4. Over the next six months, what do you expect for loans currently on payment deferral or otherwise modified due to the coronavirus (COVID-19)?
  May '21
(percent)
75% or more will become fully performing 58.5
50-74% will become fully performing 1.5
25-49% will become fully performing 1.5
Less than 25% will become fully performing 3.1
Not applicable; we do not have any loans currently on payment deferral or otherwise modified due to the coronavirus (COVID-19) 35.4

NOTES: 65 responses.

5. Over the next 12 months, what is your expectation for long-term interest rates?
  May '21
(percent)
Higher 48.5
No change 50.0
Lower 1.5

NOTES: 65 responses.

Special Questions Comments

These comments have been edited for publication.

  • We are seeing increased activity from customers, especially after the last round of stimulus funds. We hope that interest rates will begin to rise sooner than later, as the sustained low interest rate environment is shrinking our margin.
  • We are concerned about the increase in supplies and labor in the housing market.
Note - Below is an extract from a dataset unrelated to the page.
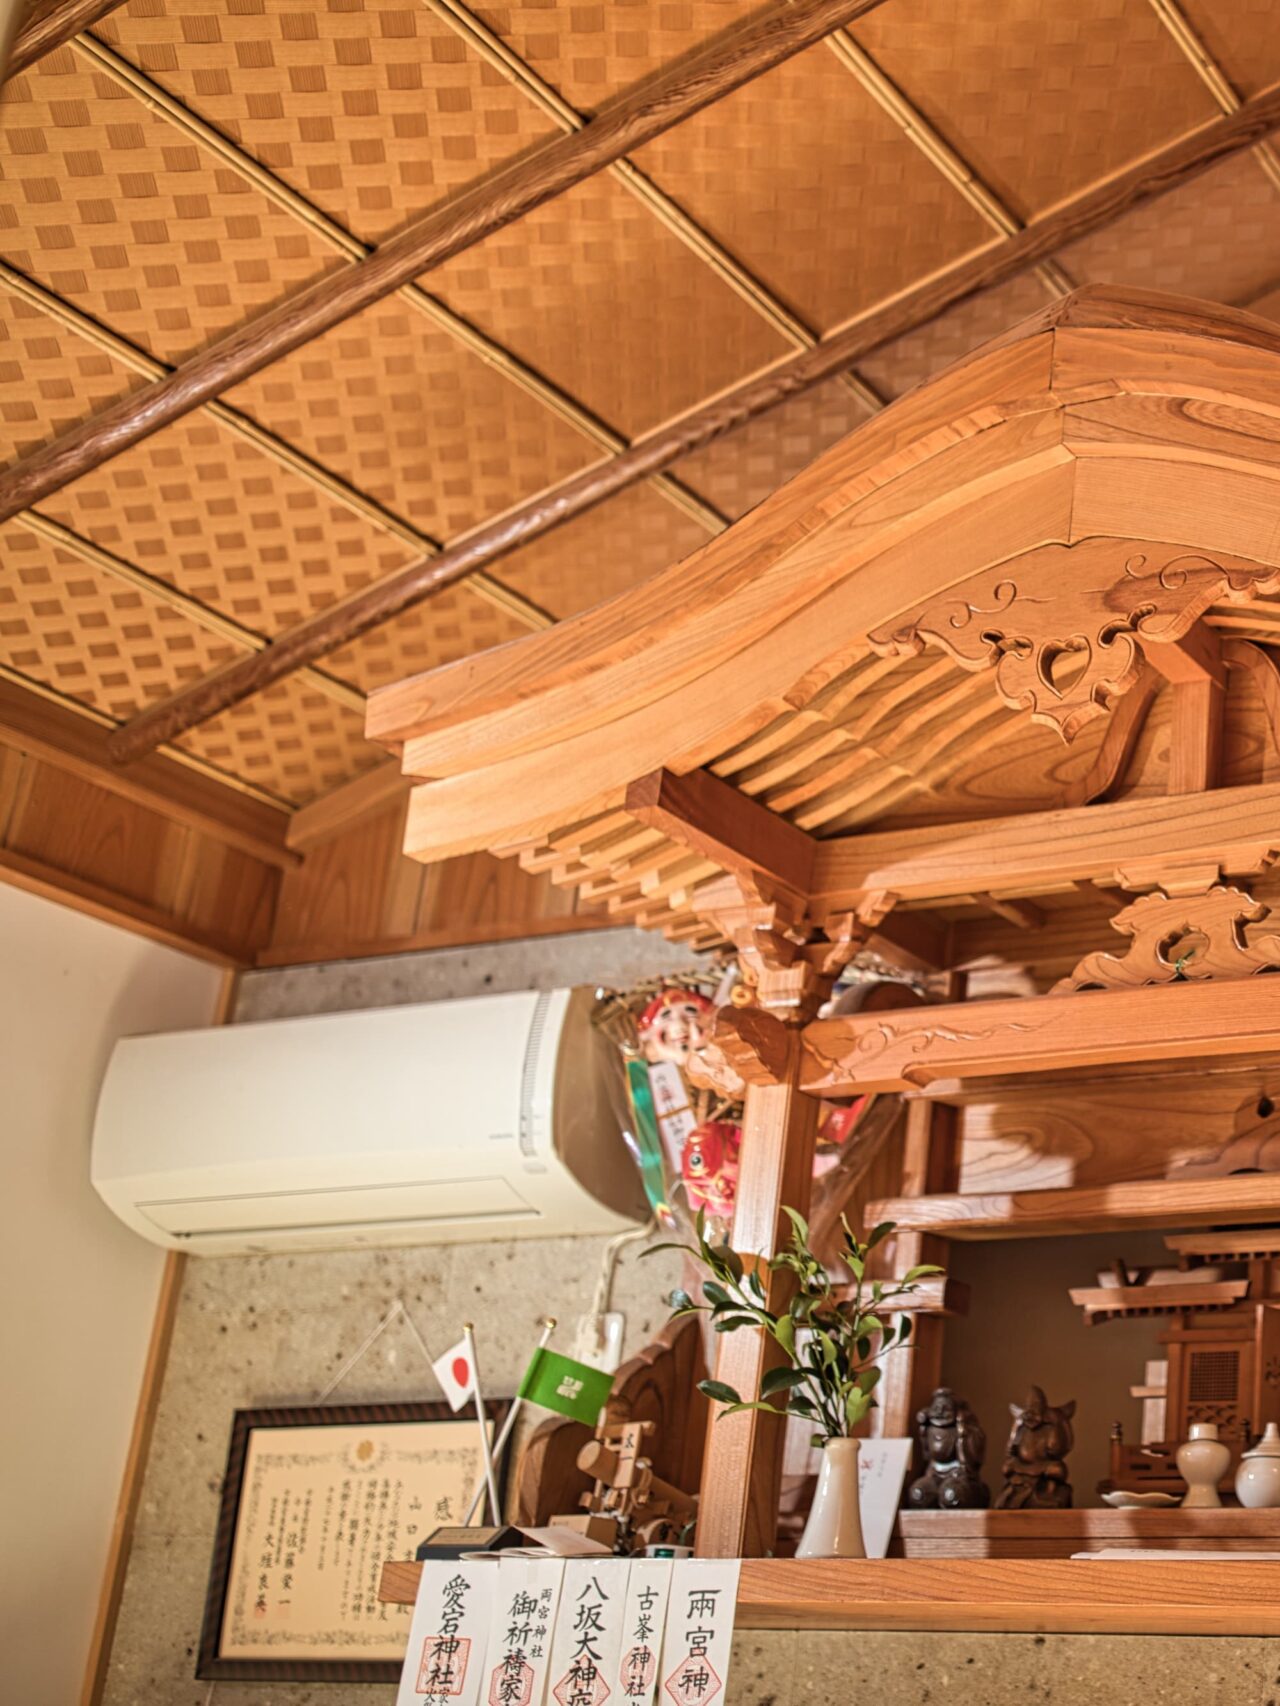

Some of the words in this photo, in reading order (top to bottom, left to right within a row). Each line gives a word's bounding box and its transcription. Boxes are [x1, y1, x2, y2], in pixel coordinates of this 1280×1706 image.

[426, 1574, 471, 1687] 愛宕神社
[624, 1585, 660, 1706] 古峯神社
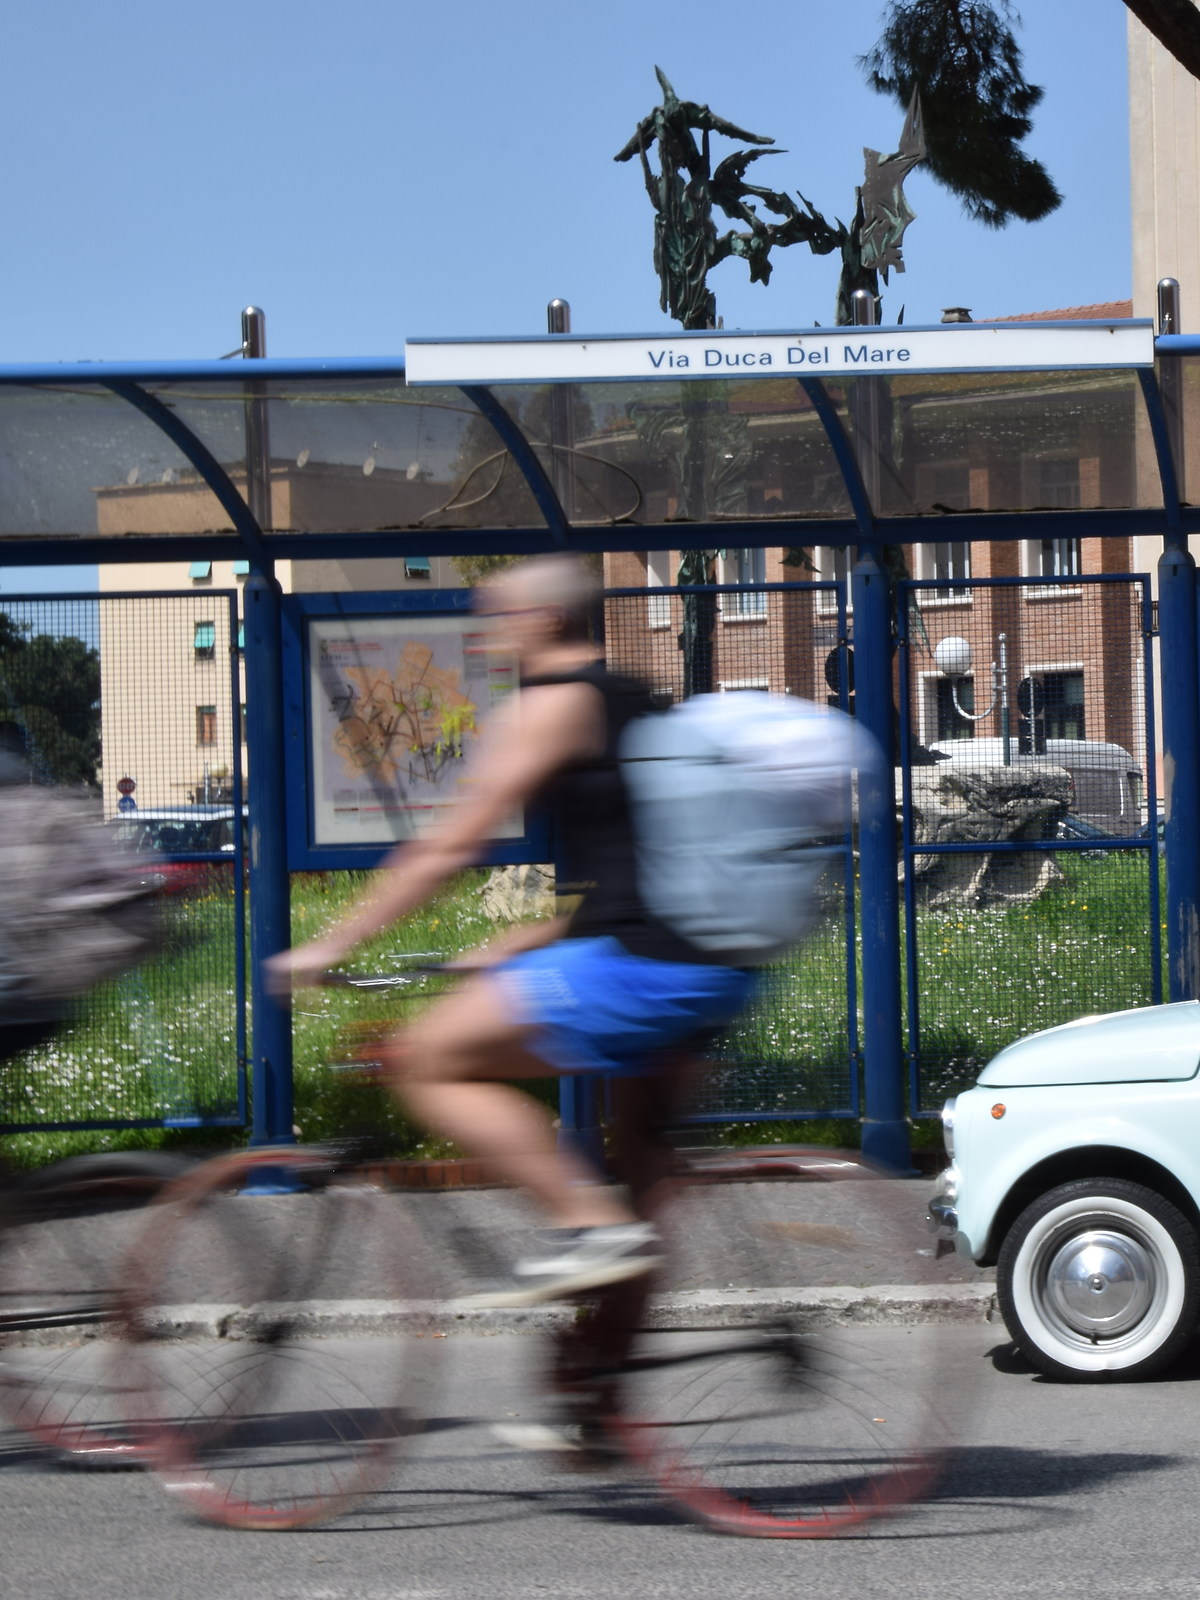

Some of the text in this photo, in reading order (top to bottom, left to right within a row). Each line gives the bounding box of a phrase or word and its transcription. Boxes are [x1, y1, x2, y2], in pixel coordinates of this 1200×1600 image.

What goes up usually comes down, and while all of the dials on the dash look OK for the moment, we are trying to look over the horizon for an adjustment. With inflated appraisals and inflated material costs and extremely low interest rates, it seems as if we are setting ourselves up for a correction.
  • The majority of our customers either temporarily shut down or modified operations as a result of COVID-19. This includes dentists, doctors (elective surgeries), dine-in restaurants, entertainment industries, retail clothing stores and dry cleaners. Within our customer base, one customer has permanently shut down.
  • We expect growth in both residential and commercial real estate lending.